31El cambio introducido fue la celebración el día 15 de agosto, fiesta tradicional de la Virgen, dedicada ahora en honor del Emperador San Napoleón. La orden del cuartel general señalaba la fiesta de cumpleaños de S.M. el Emperador y Rey y la celebración de San Napoleón. La víspera, el 14 por la tarde, se anunció el evento con una salva de 100 cañonazos y al día siguiente al alba se hizo lo mismo. A las 10,30 horas se formó un cortejo con las autoridades españolas y francesas y se realizó un desfile militar. Un destacamento de cada cuerpo junto con el Ayuntamiento en pleno asistió a la misa en la Catedral donde se cantó un Te Deum, y a la señal convenida se disparó otra salva de 100 cañonazos. Para realzar la fiesta se convidó a los franceses a asistir a dicho acto y a iluminar por la noche sus fachadas, a su vez los soldados recibieron ese día doble ración de vino38. Lo que llama la atención es el opíparo convite de 40 cubiertos que ofreció el general Lechi a las autoridades, amenizándolo con una música militar marcial y dulce. Por la noche hubo iluminación en las casas de franceses empleados o afrancesados, siendo las más vistosas la de la casa del general Lechi en la calle Ancha y la del pagador del Ejército francés en Escudillers. Lo importante es que el Ayuntamiento se negó a poner iluminarias:

«Si en alguna casa particular se ha visto alguna luz, se ha conocido bien, que mas era por burla, que por obsequio, pues lo sucio del papel y lo melancólico de la luz (por escasear algun quarto de aceyte) no indicaban otra cosa. El haberse negado á hacerla el Muy Ilustre Ayuntamiento, según se vé de la contextacion expresada, y el repetir en ella, que sin órden expresa de la Superioridad no podian hacer iluminaciones, manifiesta, que no reconocen otro Gobierno que el Español»39.

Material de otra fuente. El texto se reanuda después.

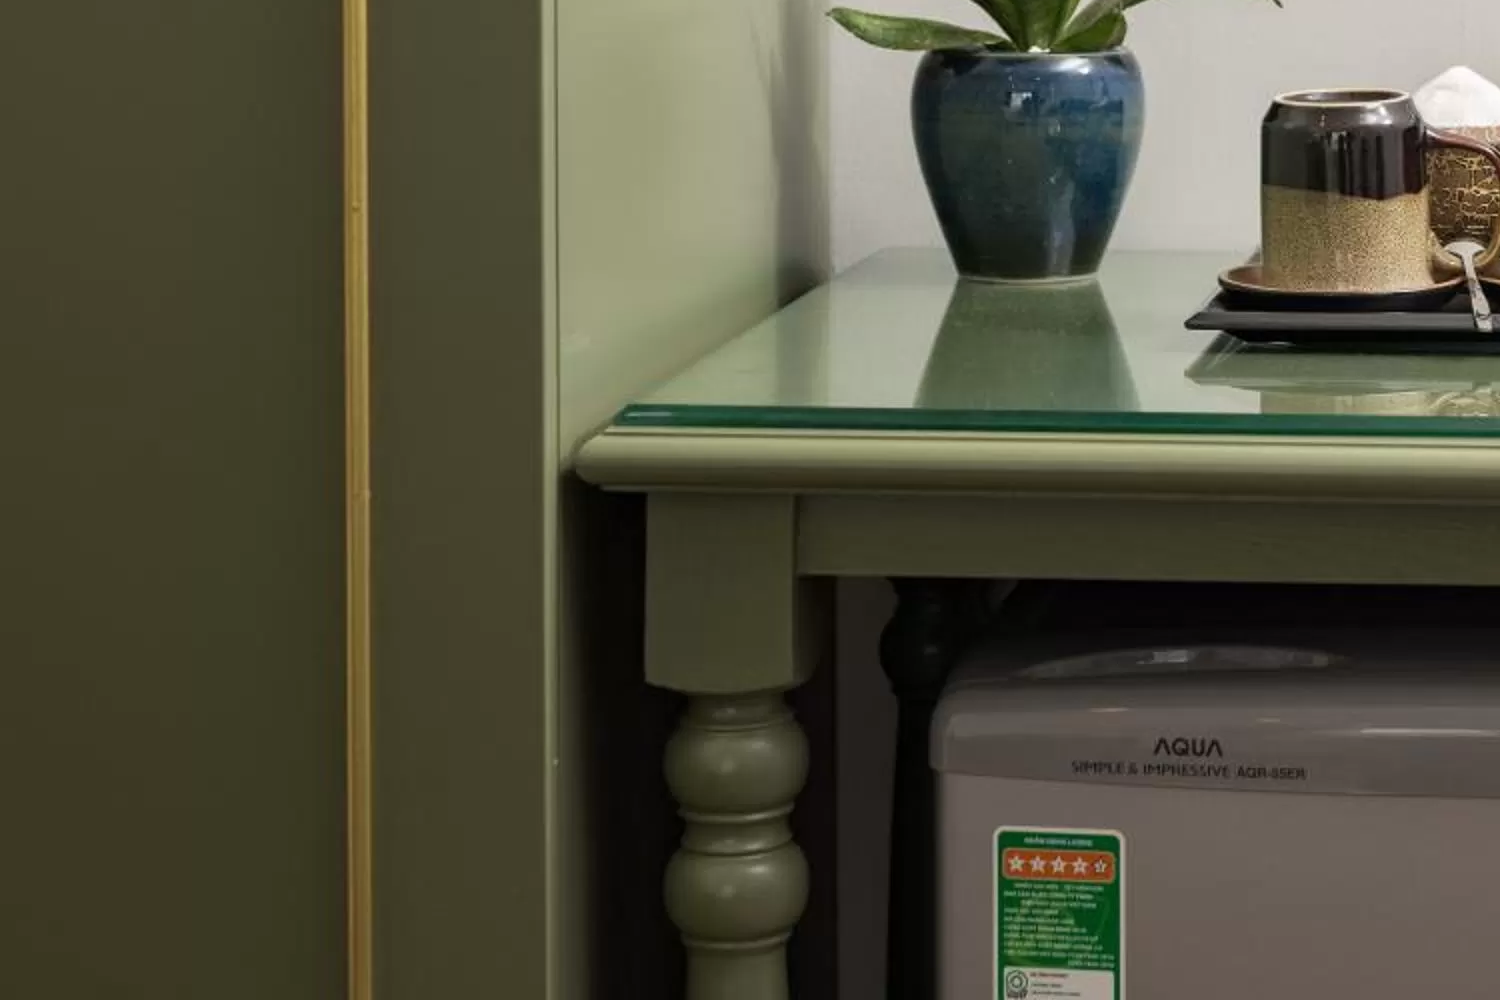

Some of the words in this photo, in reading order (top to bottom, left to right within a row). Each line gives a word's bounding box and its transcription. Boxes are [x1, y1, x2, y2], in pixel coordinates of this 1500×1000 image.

[1153, 737, 1223, 757] AQUA
[1072, 759, 1122, 775] SIMPLE
[1143, 763, 1229, 778] IMPRESSIVE

32El Diario de Barcelona recoge la noticia del itinerario por donde transcurrió la comitiva: salió de la casa del Gobernador, pasando por Las Ramblas, Puerta Ferrisa, Plaza Nueva y la calle que conduce a la Catedral; la vuelta se hizo por la calle del Obispo, Ancha y San Francisco. Otros datos se refieren a la misa, Te Deum, las iluminaciones que debían de poner en las casas hasta media noche y los fuegos artificiales como final de la fiesta40.

33En 1809 se utilizó el mismo protocolo para la celebración de esta fiesta y se añadió un convite organizado por el cónsul francés, canciller Dorsenac, dirigido a todos los franceses residentes en la ciudad. Llama la atención que toda la propaganda se dirigió a los franceses y se publicó en el Diario de Barcelona solo en lengua francesa, lo que demostraría según Raimundo Ferrer el poco apoyo que tenía esta fiesta entre los barceloneses. En el citado Diario de 1809, 1810 y 1812 apareció el nombre de San Napoléon junto al de la Asunción de la Virgen y en este último año apareció primero el de San Napoleón, en cambio en 1813 sólo se menciona la festividad de la Virgen. Todo ello se puede interpretar como muestra de la «volubilidad de los franceses» y del poco eco que tuvo la fiesta de San Napoleón en Barcelona41.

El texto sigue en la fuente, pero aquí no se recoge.